Farr v. Newman

Decision Date30 April 1964
Citation199 N.E.2d 369,14 N.Y.2d 183,250 N.Y.S.2d 272
Parties, 199 N.E.2d 369, 4 A.L.R.3d 215 Franz FARR, Respondent, v. George W. NEWMAN, Defendant, and Elbert C. Hardy, Appellant.
CourtNew York Court of Appeals Court of Appeals

James J. Monighan, Salamanca, for appellant.

Edward M. Horey, Olean, for respondent.

BURKE, Judge.

The plaintiff, Farr, entered into an agreement, evidenced by a memorandum, to purchase certain real property owned by the Newmans for $3,000. After the making of this agreement, which was not in a form to be recorded, the defendant, Hardy, took a conveyance of the subject property, paying $4,000 therefor. Hardy's attorney, however, had knowledge of the outstanding agreement between Farr and Newman. This knowledge was acquired directly from plaintiff, who stood upon his rights although the attorney had decided that the agreement was unenforcible. The attorney did not inform Hardy of plaintiff's alleged equity and Hardy then took the conveyance from the Newmans. Farr brings this action to compel Hardy to convey the property to him upon payment of $3,000.

The sole issue that merits discussion here is whether defendant Hardy may avoid the effect of his attorney's knowledge of plaintiff's equity, and the consequent application of the familiar maxim that he who takes with notice of an equity takes subject to that equity (Hodge v. Sloan, 107 N.Y. 244, 17 N.E. 335), by proof that the attorney also represented the grantors, the Newmans, in the transaction through which Hardy acquired title.

Defendant seeks to avoid the imputation of knowledge by the citation of cases holding that an agent's knowledge is not imputed to his principal when the agent is defrauding (as in Benedict v. Arnoux, 154 N.Y. 715, 49 N.E. 1093) or otherwise acting against the interest of his principal for the benefit of another (Utica Ins. Co. v. Toledo Ins. Co., 17 Barb. 132; Otsego Aviation Serv. v. Glens Falls Ins. Co., 277 App.Div. 612, 102 N.Y.S.2d 344).

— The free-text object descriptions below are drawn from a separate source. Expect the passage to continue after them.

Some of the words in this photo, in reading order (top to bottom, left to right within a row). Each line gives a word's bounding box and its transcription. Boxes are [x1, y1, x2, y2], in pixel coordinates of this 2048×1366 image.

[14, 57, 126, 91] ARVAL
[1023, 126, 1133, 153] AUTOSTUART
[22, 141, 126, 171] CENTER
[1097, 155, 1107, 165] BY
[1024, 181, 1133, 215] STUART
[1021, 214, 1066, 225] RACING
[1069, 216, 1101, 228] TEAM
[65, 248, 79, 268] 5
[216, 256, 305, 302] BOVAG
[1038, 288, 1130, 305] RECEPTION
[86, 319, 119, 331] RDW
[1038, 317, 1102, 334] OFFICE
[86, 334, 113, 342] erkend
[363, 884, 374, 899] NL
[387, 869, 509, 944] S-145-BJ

The mere fact that the attorney acted for both parties in the real estate transfer, with defendant Hardy's knowledge, cannot insulate defendant from his agent's knowledge to the detriment of the otherwise superior right of a third party. Binding on this appeal in the finding of fact, made by the trial court and affirmed by the Appellate Division, that the attorney believed in good faith that plaintiff's contract was unenforcible. That this belief was not without foundation is demonstrated by the holding of the trial court that the memorandum was insufficient under the Statute of Frauds. (The Appellate Division reversed this finding in an opinion in which we concur.) The attorney's sincere belief in the unenforcibility of plaintiff's contract precludes even a preliminary consideration of the applicability of the fraud cases to this case. It is certainly within the authority of an attorney to pass on legal questions potentially affecting the title of the purchaser whom he represents. Any criticism of the wisdom of consummating the transaction in the face of a threat of a lawsuit does not justify the conclusion that the attorney's decision to proceed was actuated by had faith in the face of a contrary finding by the trier of the facts.

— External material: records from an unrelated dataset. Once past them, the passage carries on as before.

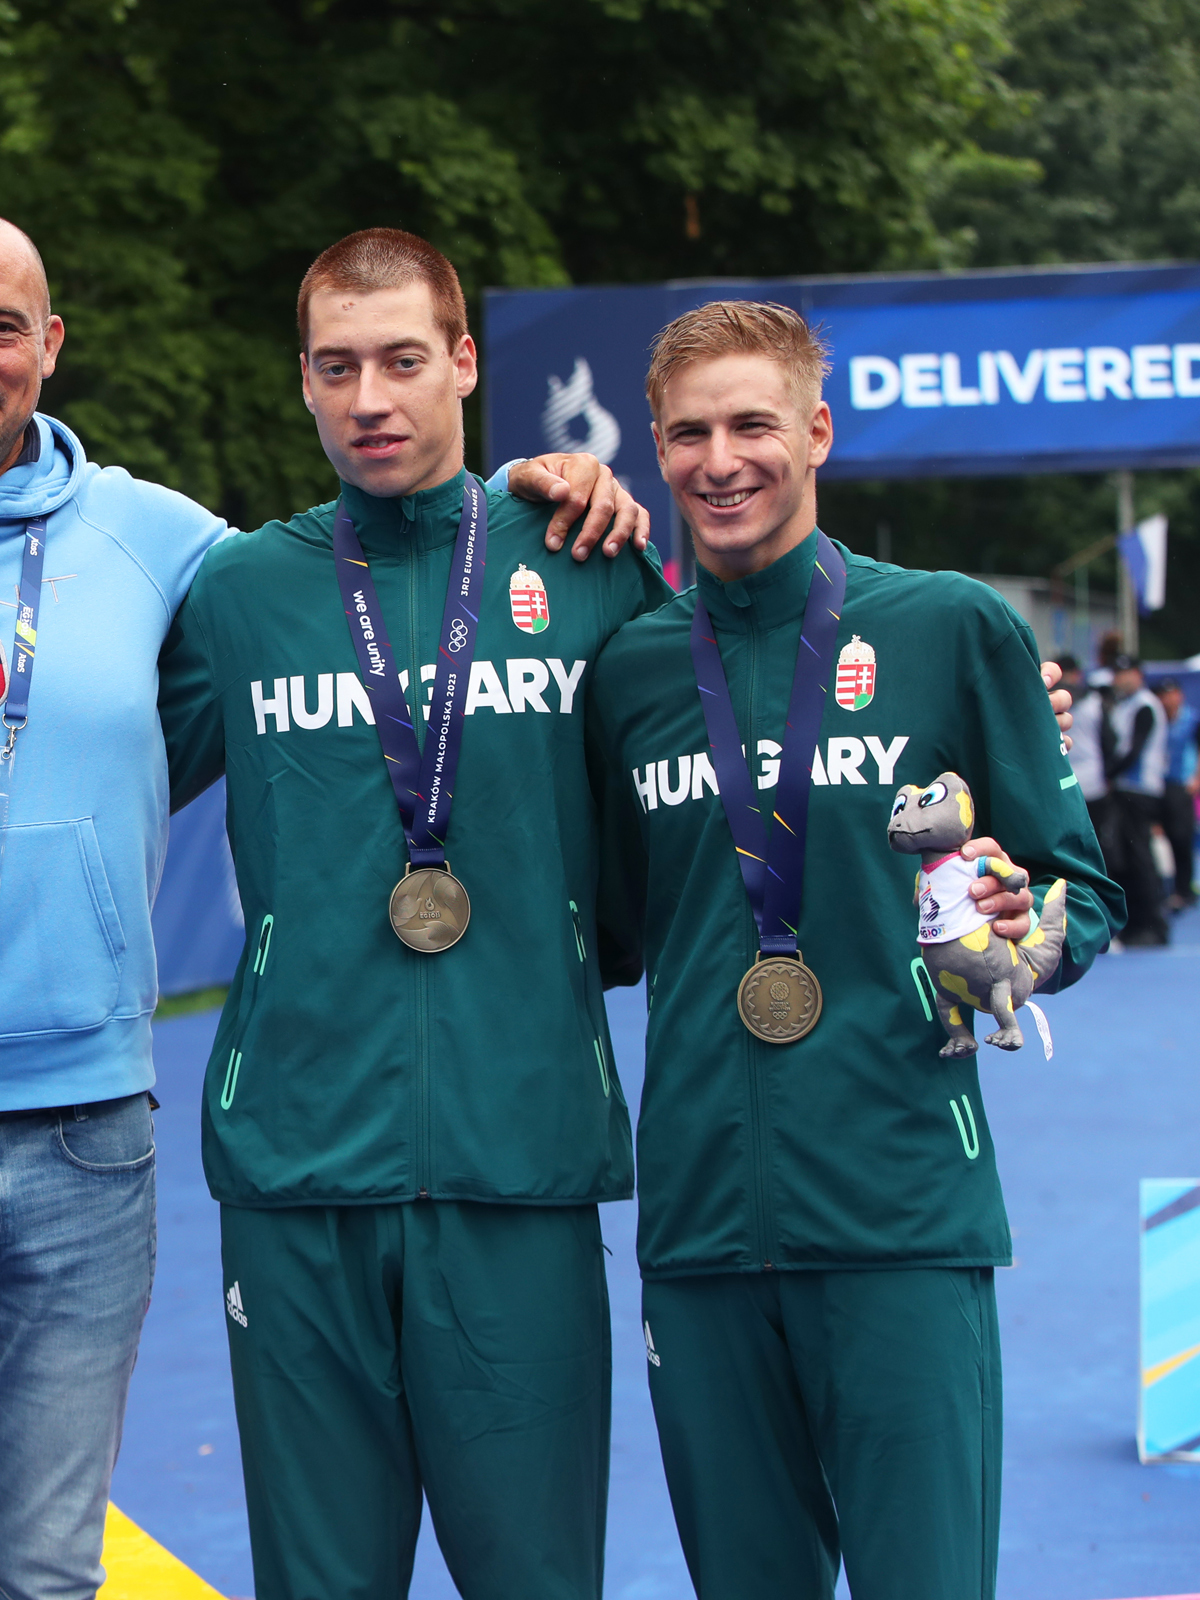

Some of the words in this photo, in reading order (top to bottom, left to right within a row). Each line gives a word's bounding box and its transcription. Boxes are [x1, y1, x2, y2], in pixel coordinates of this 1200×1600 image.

[849, 343, 1200, 410] DELIVERED
[464, 521, 477, 574] EUROPEAN
[353, 590, 367, 613] we
[460, 576, 470, 597] 3RD
[359, 615, 375, 640] are
[366, 642, 386, 677] unity
[427, 776, 441, 823] KRAKÓW
[435, 700, 453, 772] MAŁOPOLSKA
[446, 673, 457, 697] 2023
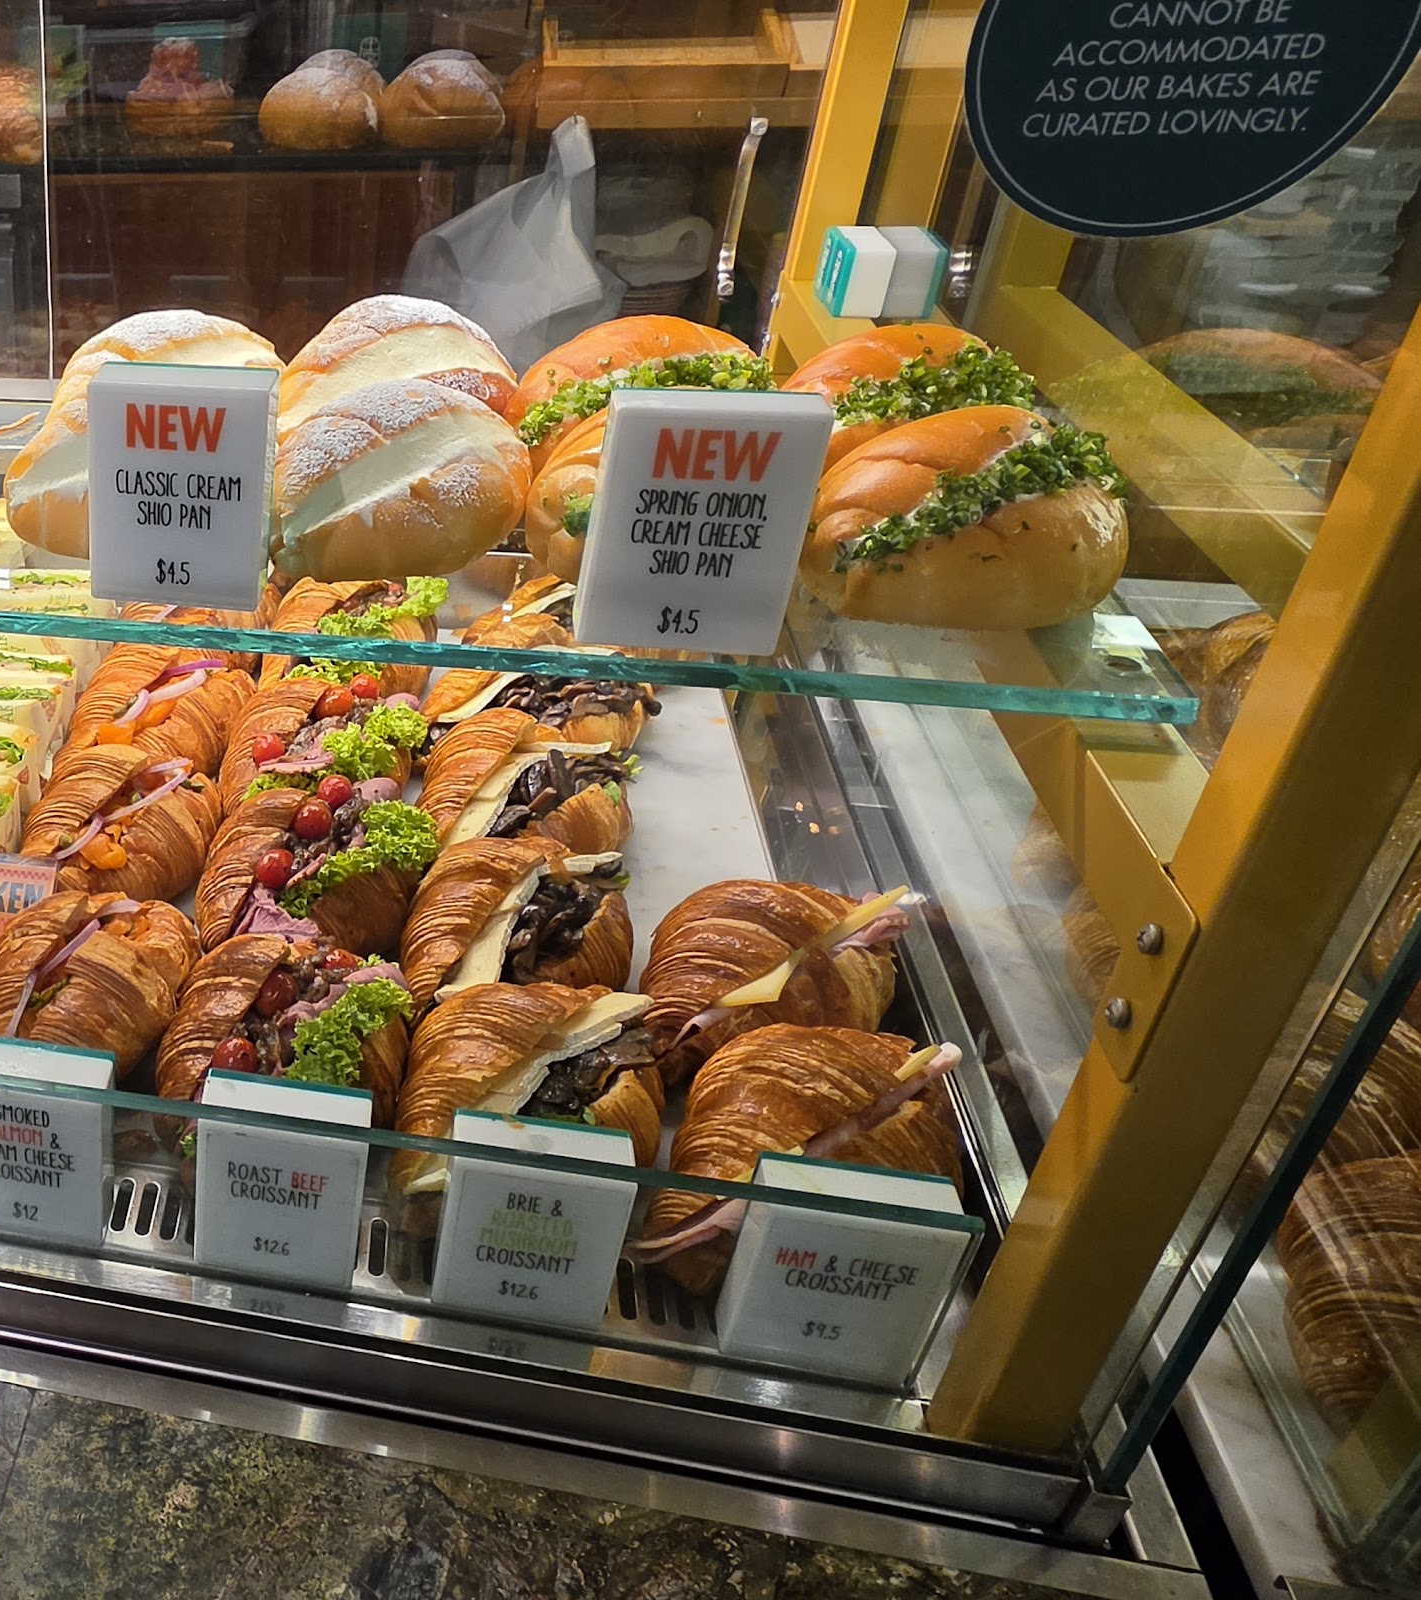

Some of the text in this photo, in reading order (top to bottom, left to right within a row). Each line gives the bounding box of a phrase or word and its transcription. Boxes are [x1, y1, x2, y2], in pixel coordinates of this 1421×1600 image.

[1109, 0, 1294, 28] CANNOT BE
[1052, 33, 1326, 67] ACCOMMODATED
[1035, 70, 1323, 103] AS OUR BAKES ARE
[1022, 106, 1310, 138] CURATED LOVINGLY.
[126, 403, 227, 453] NEW
[652, 428, 783, 482] NEW
[115, 469, 241, 502] CLASSIC CREAM
[137, 501, 211, 530] SHIO PAN
[635, 489, 767, 522] SPRING ONION,
[631, 519, 765, 549] CREAM CHEESE
[155, 558, 190, 585] $4.5
[649, 549, 734, 578] SHIO PAN
[657, 606, 700, 634] $4.5
[50, 1133, 61, 1150] &
[24, 1147, 76, 1172] CHEESE
[227, 1161, 330, 1193] ROAST BEEF
[230, 1180, 322, 1210] CROISSANT
[506, 1191, 563, 1217] BRIE &
[12, 1201, 39, 1221] $12
[476, 1245, 576, 1274] CROISSANT
[775, 1248, 920, 1286] HAM & CHEESE
[785, 1268, 896, 1301] CROISSANT
[802, 1320, 842, 1340] $9.5

It is well-settled that the principal is bound by notice to or knowledge of his agent in all matters within the scope of his agency although in fact the information may never actually have been communicated to the principal (Howell v. Mills, 53 N.Y. 322; McCutcheon v. Dittman, 164 N.Y. 355, 58 N.E. 97; Ratshesky v. Piscopo, 239 Mass. 180, 131 N.E. 449). Where, as here, there is a mere error of judgment on a legal question which the attorney had the professional responsibility of resolving, the rule that such knowledge is imputed to the principal applies (McCutcheon v. Dittman, supra; Howell v. Mills, supra). Here the attorney was employed to pass judgment on the state of the title by both parties. When he made a decision on which Judges have differed, it can hardly be found to be deceitful as a matter of law.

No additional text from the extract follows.